For many, however, the figure of the saint seems to find a dead-end there. Every 4th of October is an occasion for animals to be blessed, and the church, at least, becomes a veritable menagerie of animals, a type of impromptu animal show. But the message of the Poor Man of Assisi was not about the love of animals nor of nature per se. The feast that we celebrate this day ought to allow us to grow deeper in our estimation of the figure of Francis and his message, which certainly goes far beyond the birds and the flowers of the field.
If Francis delighted in the beauty of creation, it was because he delighted in the contemplation of the beauty of God. For him, creation was but a mirror which allowed him a glimpse of that glory which our human eyes are not capable of seeing, both because of the limits that our human nature has set, and also because of sin has made us incapable of being receptive of all this beauty. Everything in nature referred him to its Creator, and to the love which the Creator has lavished on his creatures, most especially man. His Canticle of the Sun is not done in praise of nature, but in praise of its Creator who, through the perfection and beauty of nature, has showered his love upon us. Without this important reference to God, even the beauty of nature loses its meaning, and it becomes a force to be feared, if not to be idolized.

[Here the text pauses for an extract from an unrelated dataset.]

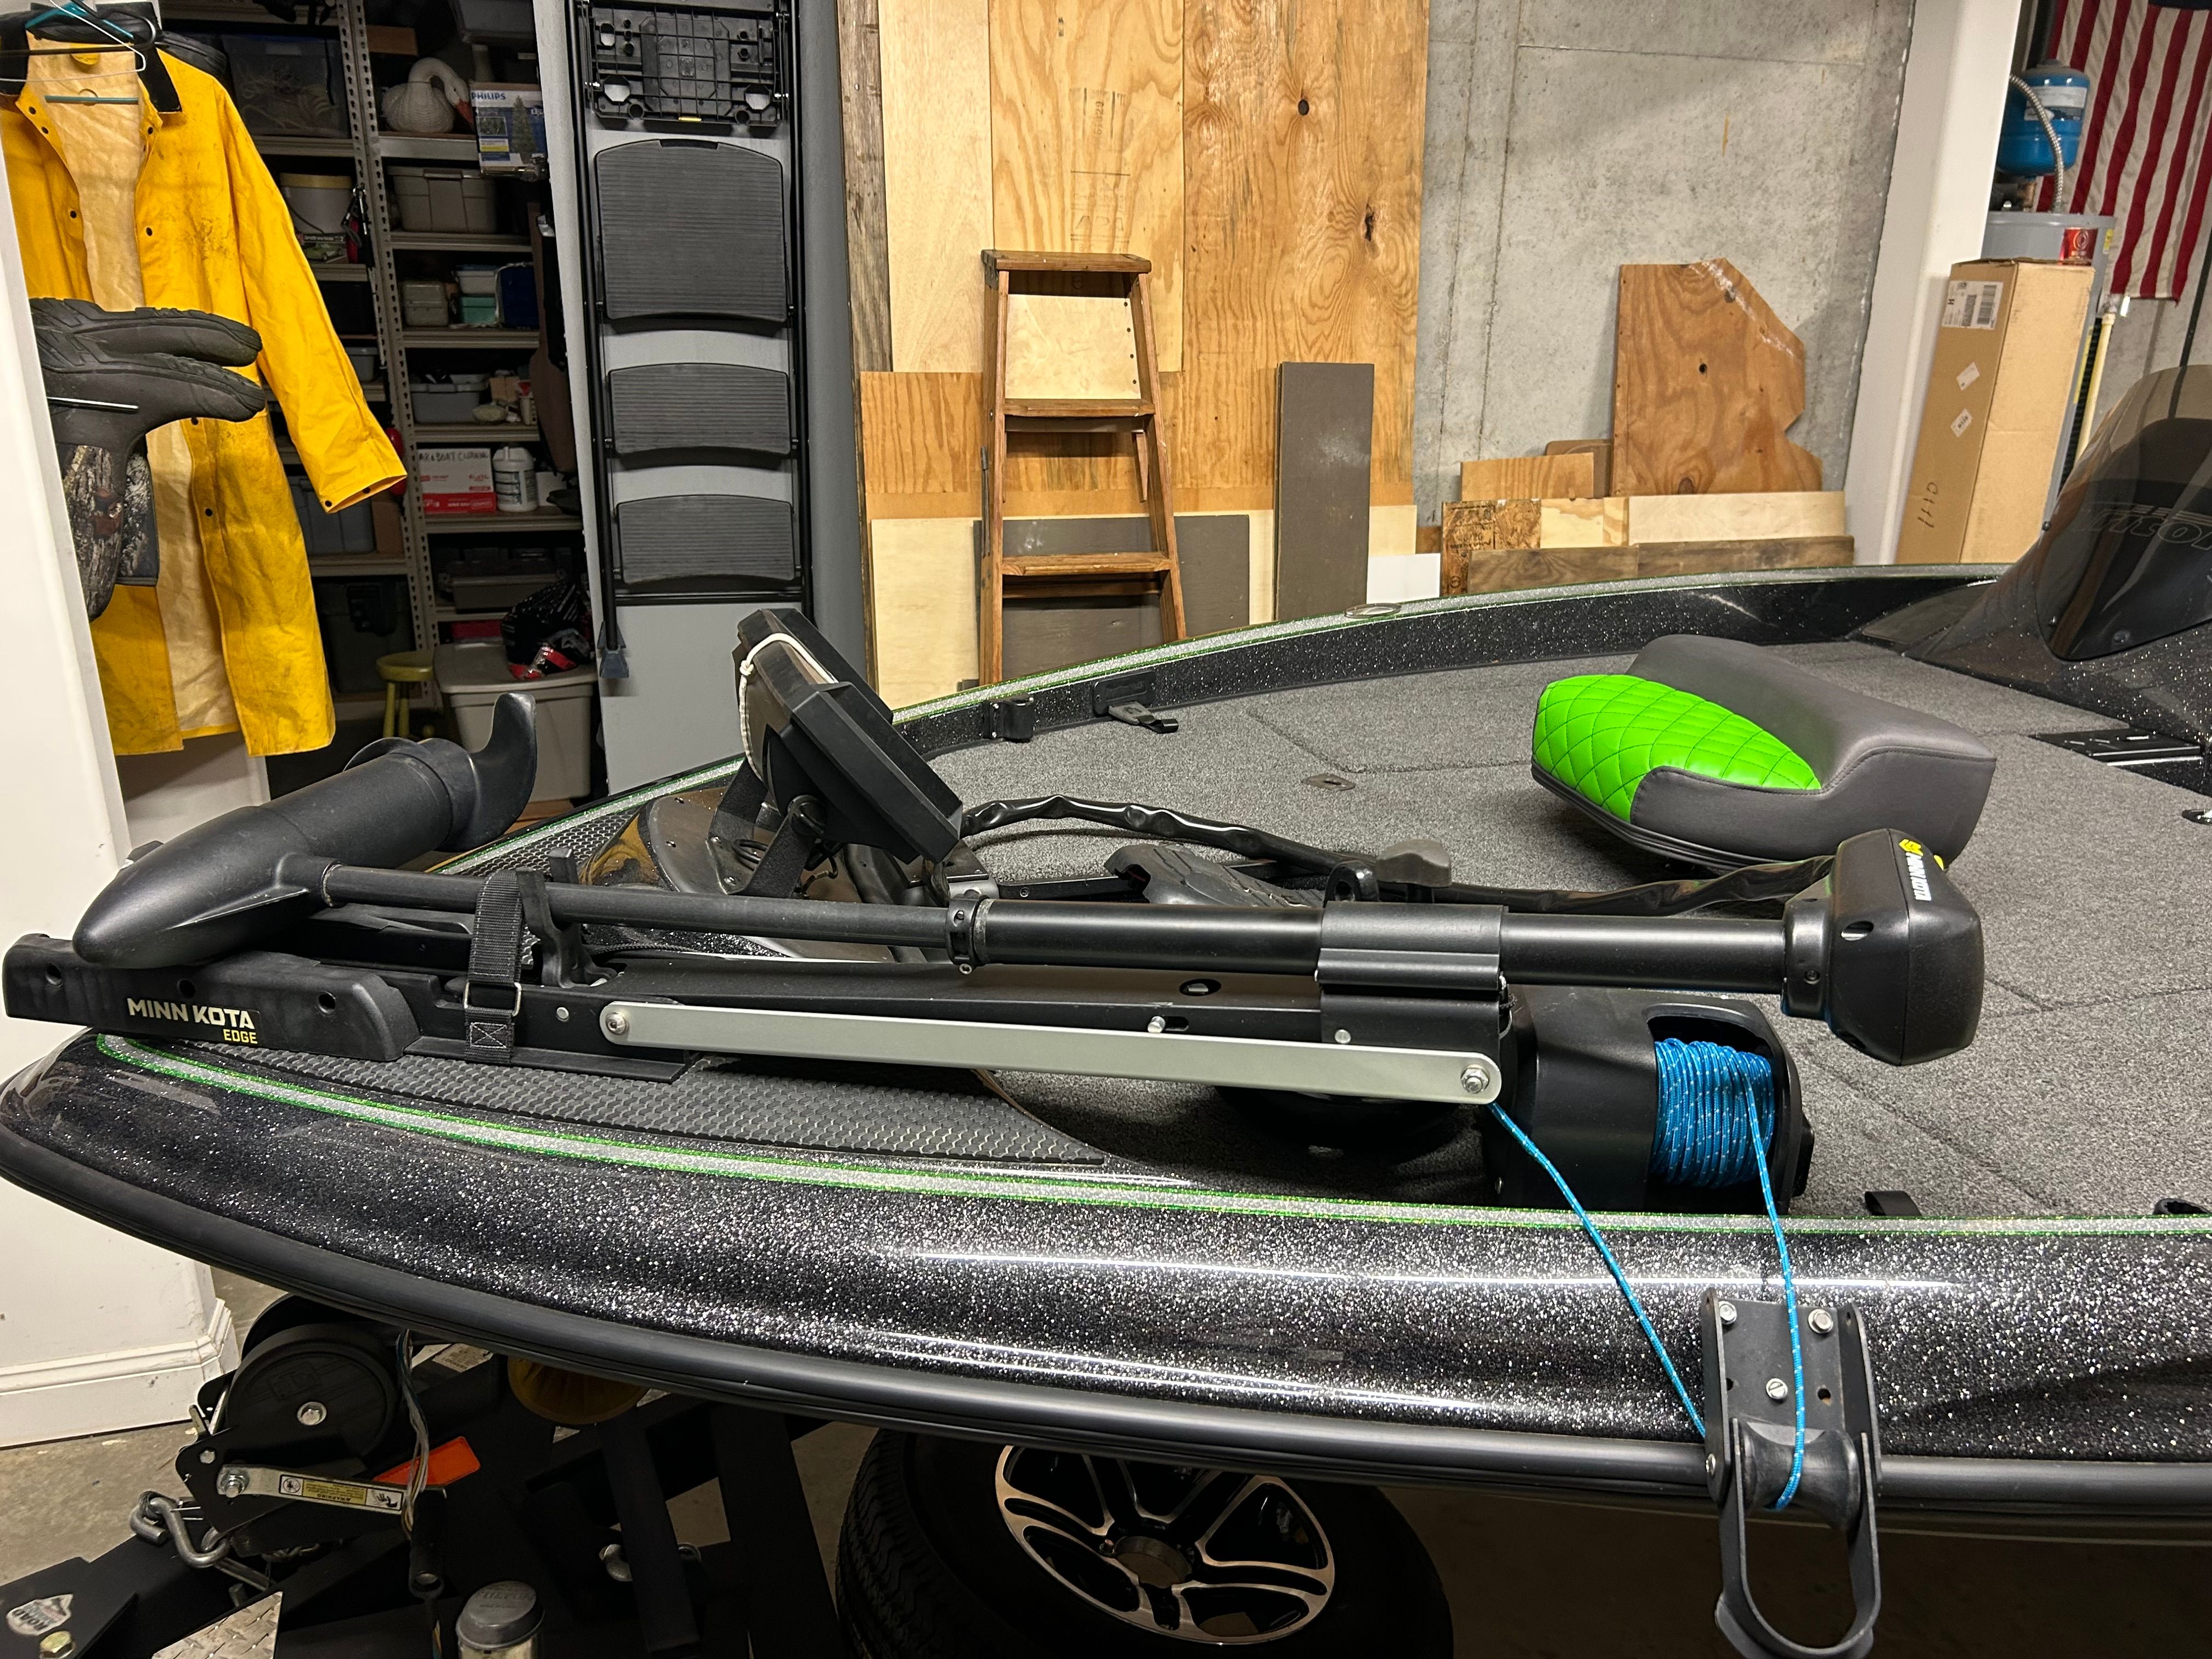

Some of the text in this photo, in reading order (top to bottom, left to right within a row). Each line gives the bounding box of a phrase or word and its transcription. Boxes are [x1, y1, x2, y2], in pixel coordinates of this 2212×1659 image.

[127, 998, 255, 1030] MINN KOTA
[223, 1029, 258, 1044] EDGE
[12, 1609, 49, 1631] ROAD

But for Francis, there is an even greater transparency of God: far and above nature, he sees the beauty and the goodness of the invisible God in the human face of Jesus Christ, true God and true Man. Much of Franciscan spirituality and devotion is centered on the humanity of Christ, on the mystery of the Incarnation of the Word of God. It was Francis who came up with the first manger scene, which nowadays we place almost everywhere. It was Francis who popularized the devotion of the Stations of the Cross. He was a man in love with God, a God who was so in love with man that he himself chose to become one. Our devotion to St. Francis leads us deep into the contemplation of the mystery of God’s love, in which he came down among us, taking our own nature.
This love for the sacred humanity of Christ would lead him to yearn to share in his Passion. This is another detail of his spirituality. The love of God, shown in nature, then in the mystery of the Incarnation, finds its supreme expression in the Cross. Francis’ love for the Crucified was such that the Lord gave him the special grace to bear his wounds physically: the stigmata. He is the first known person in history after Christ to bear the wounds of the Savior. Next to him is his spiritual son, St. Pío of Pietrelcina, another Franciscan (a capuchin, to be exact). Love finds its fullest expression whenever it seeks to replicate the love of the Savior on the Cross, a love that causes one to leave everything, to take up one’s cross and to follow Christ (cf. Lk. 9:23). For Francis, this was the greatest treasure: Christ. In him the words of the Apostle Paul find an echo when the Apostle says “I consider everything as loss because of the supreme good of knowing Christ Jesus my Lord. For his sake I have accepted loss of all things and I consider them as rubbish, that I may gain Christ and be found in him” (cf. Philippians 3:8).
Christ then, was the underlying secret of his joy in what the world considers as poverty. His possession of God, if it could be expressed thus, was at the very heart of another element of his spirituality. St. Francis shows us that perfect joy is only achieved in having Christ, in establishing a deep friendship with him in prayer and in the attentive reading of the Word of God, in the union achieved through the sacraments, and in sharing him in a life of charity. This is the greatest treasure, this poverty which at the same time is richness beyond compare.
The contemplation of God, fulfilled in the Crucified, leaving everything in order to have Christ as one’s sole possession, and a life of charity towards one’s neighbor as a necessary expression of this perfect joy that comes in having found Christ: this is what is at the heart of Francis of Assisi’s message. May his intercession make it ours as well.